Task directions =
Reproduce each entry exactly as it reads. Leave the images out.

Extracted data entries
■ ■ ■ ■

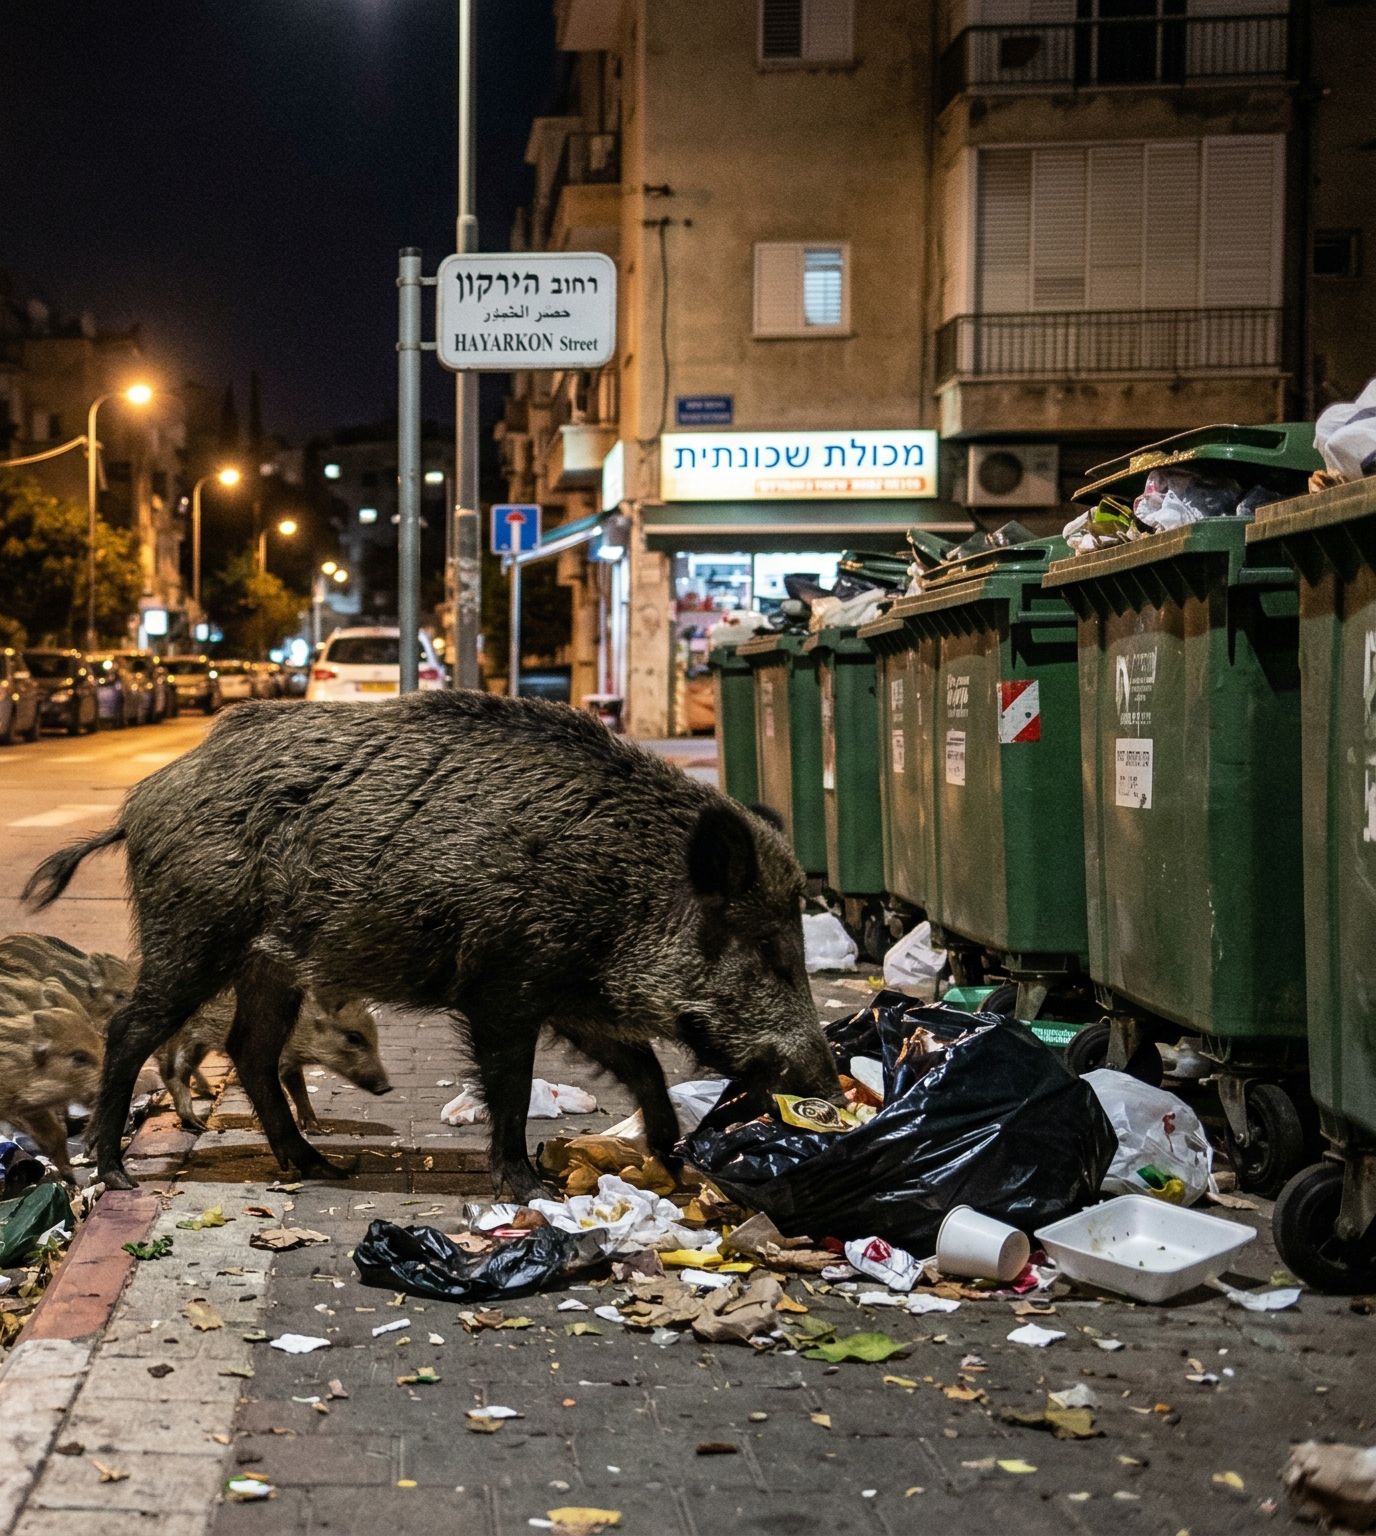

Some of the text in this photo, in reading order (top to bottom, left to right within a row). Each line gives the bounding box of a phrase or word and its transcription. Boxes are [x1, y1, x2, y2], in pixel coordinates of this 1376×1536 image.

[455, 271, 598, 303] רחוב הירקון
[454, 332, 598, 352] HAYARKON Street
[673, 438, 924, 469] מכולת שכונתית
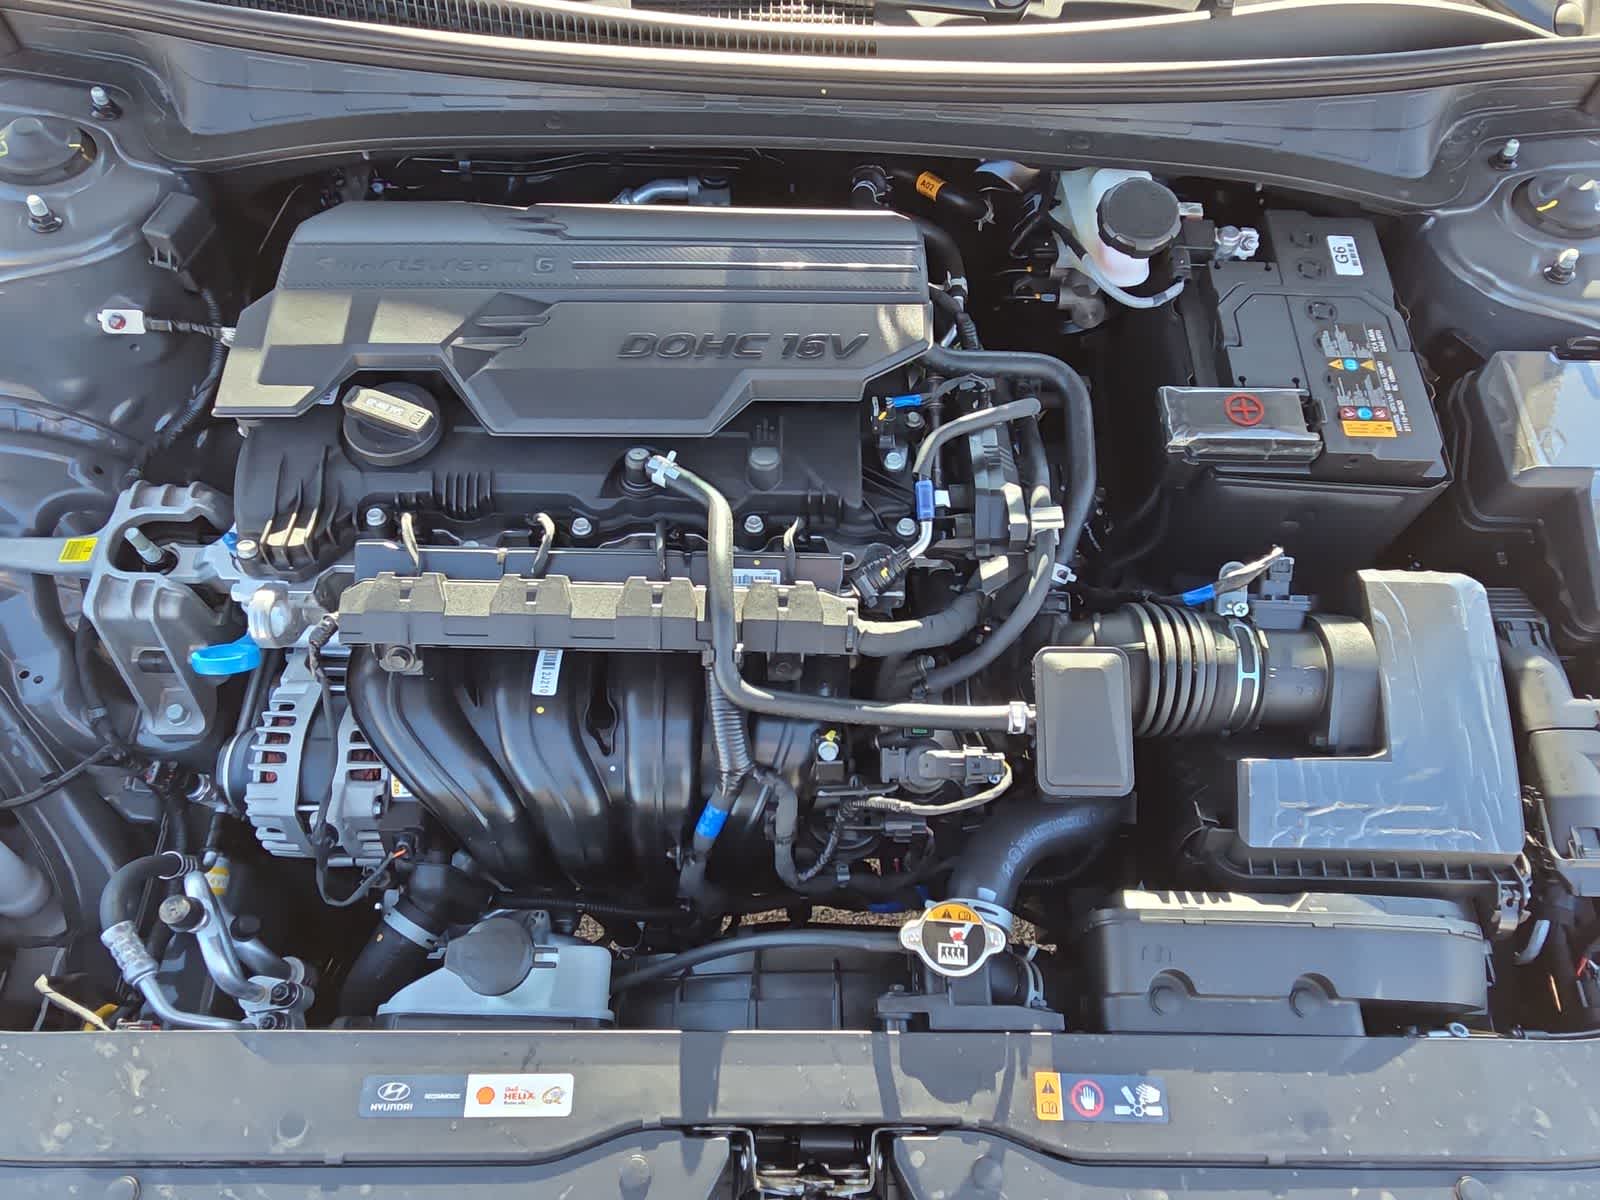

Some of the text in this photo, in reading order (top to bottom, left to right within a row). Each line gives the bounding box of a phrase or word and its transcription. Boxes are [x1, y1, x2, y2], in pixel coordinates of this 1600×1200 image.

[1333, 246, 1349, 264] G6
[535, 256, 554, 273] G
[616, 331, 870, 359] DOHC 16V
[503, 1092, 535, 1100] HELIX
[370, 1102, 414, 1113] HYUNDAI
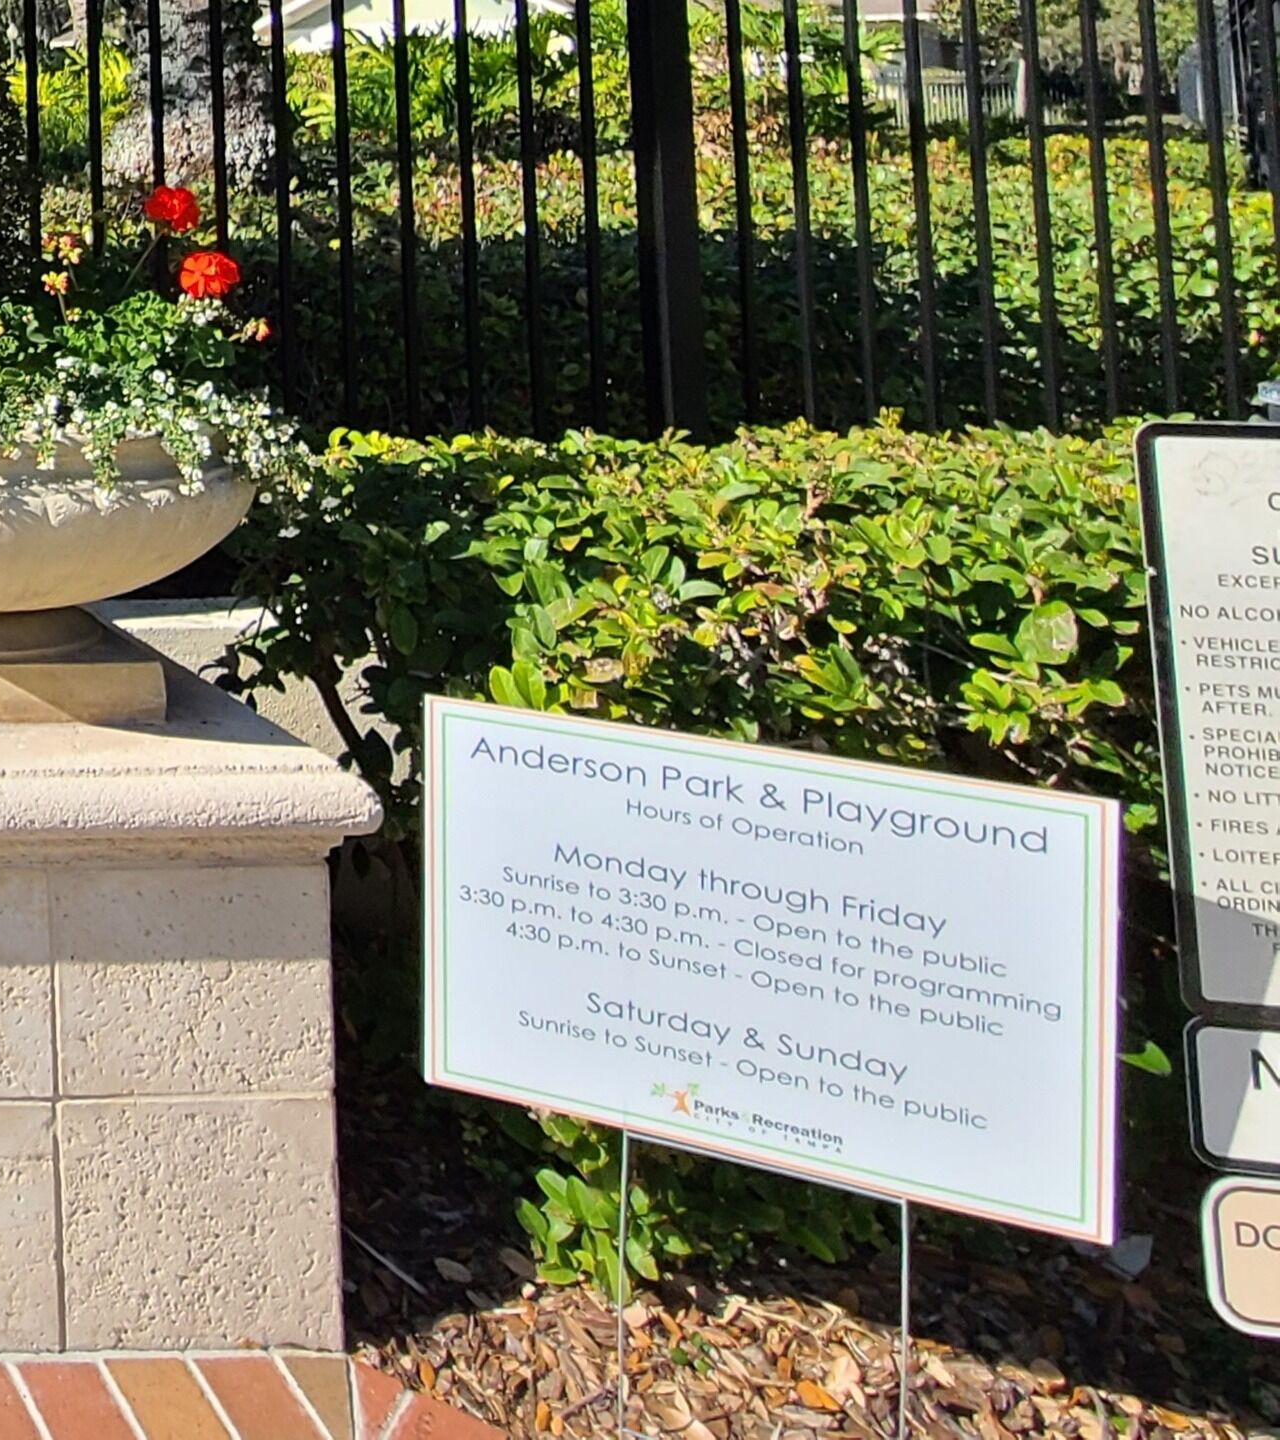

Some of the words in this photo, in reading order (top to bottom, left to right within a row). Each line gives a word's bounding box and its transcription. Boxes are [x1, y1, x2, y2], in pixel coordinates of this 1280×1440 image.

■ ■ ■ ■

Expected answer =
Some of the text in this photo, in reading order (top to bottom, left to right within a row). Each line gives the bounding box of a phrase or word and its transcription. Boxes are [x1, y1, x2, y2], in pixel coordinates of this 1376×1536 image.

[455, 271, 598, 303] רחוב הירקון
[454, 332, 598, 352] HAYARKON Street
[673, 438, 924, 469] מכולת שכונתית

Some of the text in this photo, in reading order (top to bottom, left to right within a row). Each line gives the bounding box of a phrase or word and its transcription. Boxes are [x1, y1, x2, y2], in pixel coordinates of this 1600×1200 image.

[1333, 246, 1349, 264] G6
[535, 256, 554, 273] G
[616, 331, 870, 359] DOHC 16V
[503, 1092, 535, 1100] HELIX
[370, 1102, 414, 1113] HYUNDAI

Some of the words in this photo, in reading order (top to bottom, left to right within a row). Each line gives a word's bounding box and its transcription. Boxes are [x1, y1, x2, y2], in pixel coordinates of this 1280×1440 image.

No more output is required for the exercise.